Auxílio-moradia a juízes impactará R$ 20 mi no TJ-BA
Após decisão liminar do STF e regulamentação do Conselho Nacional de Justiça (CNJ) para que os juízes federais recebam auxílio-moradia, o Tribunal de Justiça da Bahia (TJ-BA) formou um grupo de assessores e magistrados para discutir quais serão os critérios que determinarão quem receberá o auxílio e quem ocupará as residências oficiais do tribunal; o presidente da corte, Eserval Rocha, disse que vai observar e demandar as áreas competentes para saber "de onde vai tirar o dinheiro", mas garante que o auxílio será pago; "Os juízes da Bahia jamais serão tratados diferentemente dos juízes de outros estados"

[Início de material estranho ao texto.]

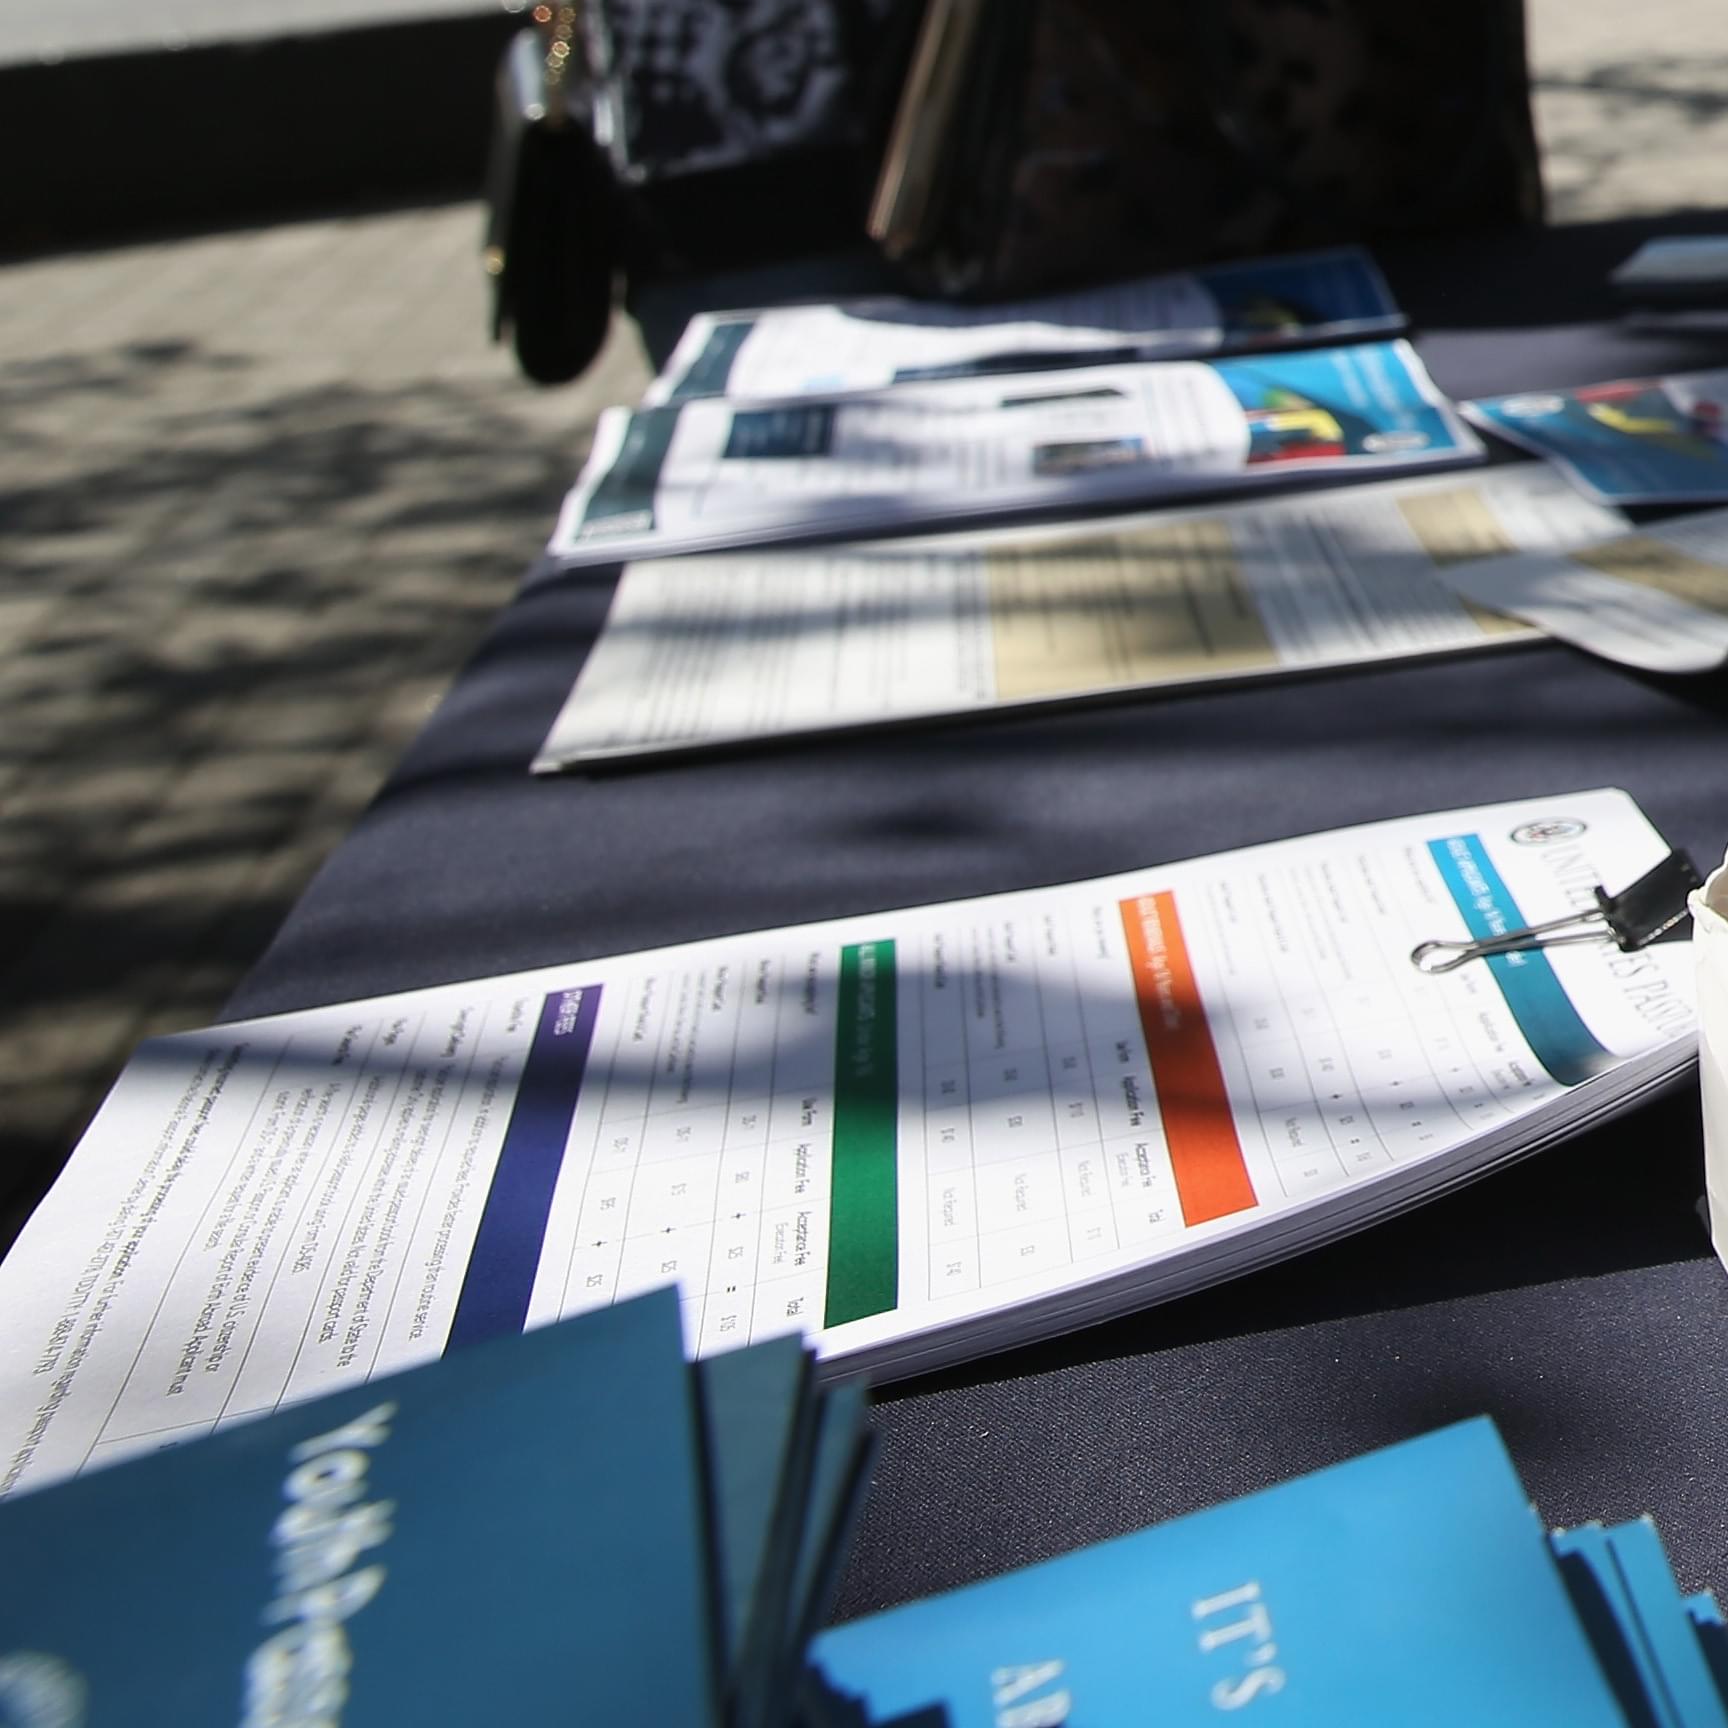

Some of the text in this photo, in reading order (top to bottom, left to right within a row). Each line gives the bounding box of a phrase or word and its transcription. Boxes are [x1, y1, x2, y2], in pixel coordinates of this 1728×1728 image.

[345, 1244, 366, 1260] Not
[424, 1228, 451, 1266] processing
[234, 1260, 260, 1293] evidence
[353, 1268, 384, 1314] Department
[324, 1286, 348, 1320] passport
[416, 1283, 436, 1311] routine
[192, 1302, 221, 1334] Abroad.
[317, 1320, 338, 1344] cards.
[344, 1322, 368, 1344] State
[408, 1310, 428, 1340] service.
[65, 1322, 102, 1370] information
[175, 1334, 207, 1374] Applicant
[207, 1319, 237, 1362] citizenship
[166, 1374, 188, 1396] must
[1191, 1579, 1288, 1711] IT'S
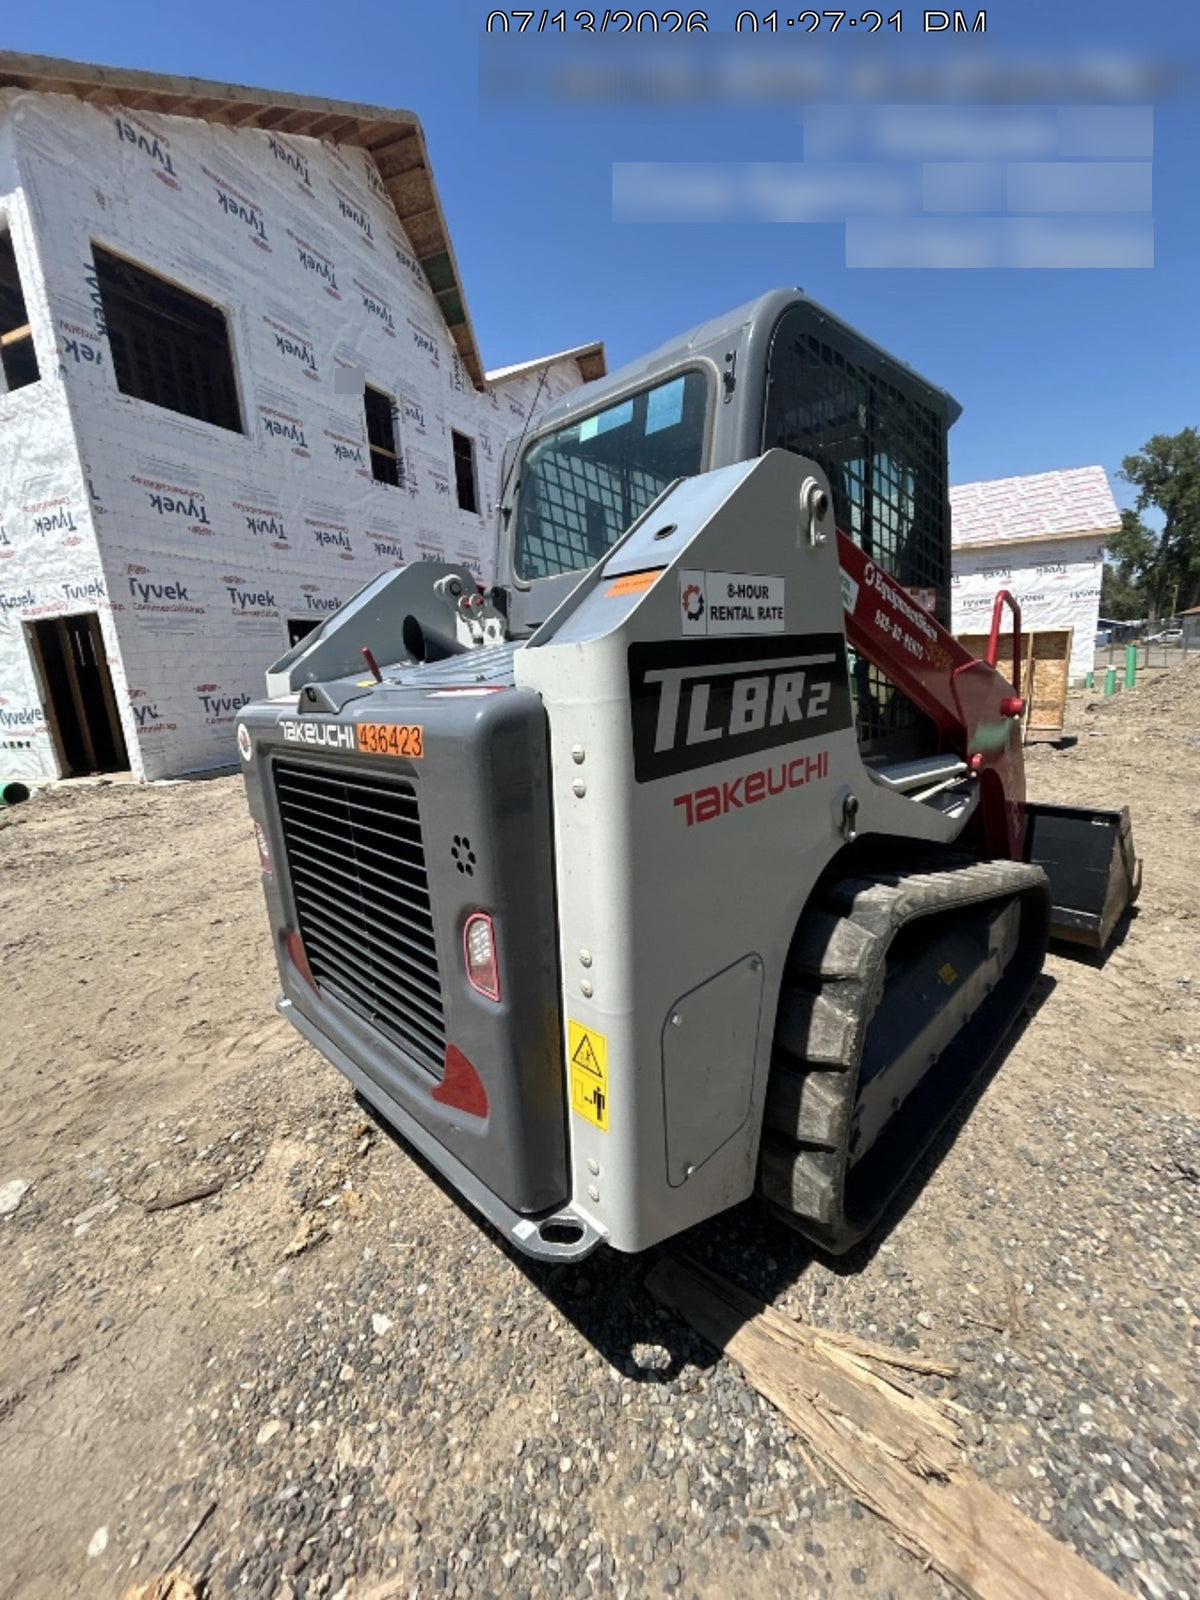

Bahia 247 - Após a decisão liminar do Supremo Tribunal Federal (STF) e regulamentação do Conselho Nacional de Justiça (CNJ) para que os juízes federais recebam auxílio-moradia, o Tribunal de Justiça da Bahia (TJ-BA) formou um grupo de assessores e magistrados para discutir quais serão os critérios que determinarão quem receberá o auxílio e quem ocupará as residências oficiais do tribunal, conforme publicação do site Bahia Notícias.
De acordo com o presidente da corte, desembargador Eserval Rocha (foto), "diferentemente de outros estados, nós temos que resolver alguns problemas aqui, porque nós temos residências, e temos que fixar primeiro aqueles juízes que vão receber e os que não vão, pois onde há residência oficial não se recebe o benefício".
A partir dos critérios, o presidente afirmou que vai observar e demandar as áreas competentes para saber "de onde vai tirar o dinheiro" para pagar o auxílio aos magistrados, que deverá ter um impacto anual de R$ 20 milhões no orçamento da Corte baiana.
O montante foi anunciado pelo próprio desembargador na sessão plenária de quarta-feira (8). "Vamos ver como resolve isso. Eu apenas repito o que disse na Assembleia Legislativa da Bahia: os juízes da Bahia jamais serão tratados diferentemente dos juízes de outros estados".